So, a couple of weeks ago the Handyman finished building our chicken coop for under $35! And it was just in the nick of time. Back on March 10th, the Handyman and I picked up 10 adorable little two-week-old sex linked chicks from a Mennonite farm down the road, and they lived in a brooder box in our basement for far longer than we would have liked. Holy stinky birds! There was definitely some motivation for us to finish.
In keeping with our dedication to
being cheapskates saving money, we decided to do a few things while designing our run.
- 4×4 posts are EXPENSIVE! You know what’s about half that price, works just as well, and gives the chicken run a cool rustic look to match my rescued wood coop? Landscape timbers! They are 8′ long posts that are slightly rounded on the corners and a little rough-looking. Perfect!
- Utilize the existing walls of the Creepy Shed to reduce the amount of wall we need to build for the run. Less fencing and fewer timbers needed equals money saved.
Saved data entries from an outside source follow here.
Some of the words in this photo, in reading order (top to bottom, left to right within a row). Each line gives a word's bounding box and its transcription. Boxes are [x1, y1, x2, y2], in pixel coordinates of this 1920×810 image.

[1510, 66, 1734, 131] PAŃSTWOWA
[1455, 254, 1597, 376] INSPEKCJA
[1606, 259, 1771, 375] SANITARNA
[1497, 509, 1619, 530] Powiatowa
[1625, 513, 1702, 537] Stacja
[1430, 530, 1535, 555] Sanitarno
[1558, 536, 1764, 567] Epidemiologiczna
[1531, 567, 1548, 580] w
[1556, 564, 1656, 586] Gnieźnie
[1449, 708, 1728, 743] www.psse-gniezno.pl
- Use two inch poultry netting instead of one inch. Let’s face it, chicken wire is to keep chickens from getting out, not to keep predators from getting in. A fox isn’t going to be stopped by a little wire. We focused our efforts on making the coop predator-proof and will lock the girls up tight every night.
- Make a handle for the door instead of using a store-bought one. This was a special request from me, more for a style reason than a financial one, because we actually do have extra handles laying around the workshop. But I just love the rustic look.
- Use the same fencing material for the run and for the garden, because the more you buy the cheaper it is per linear foot.
The Handyman and I were both anxious to get the girls out of the basement and into their coop, so as soon as the weather warmed up he busted his butt to get the run done. To begin, the Handyman planned out the space we were devoting to the run. We wanted to make sure the girls would have a good mixture of sun and shade so we don’t have to worry so much in the hot summer months, and we wanted it to be big so it’d be easier to keep clean. He also wanted to make sure he could easily ride the tractor around it. All of that considered, we were able to give them approximately 450 square feet.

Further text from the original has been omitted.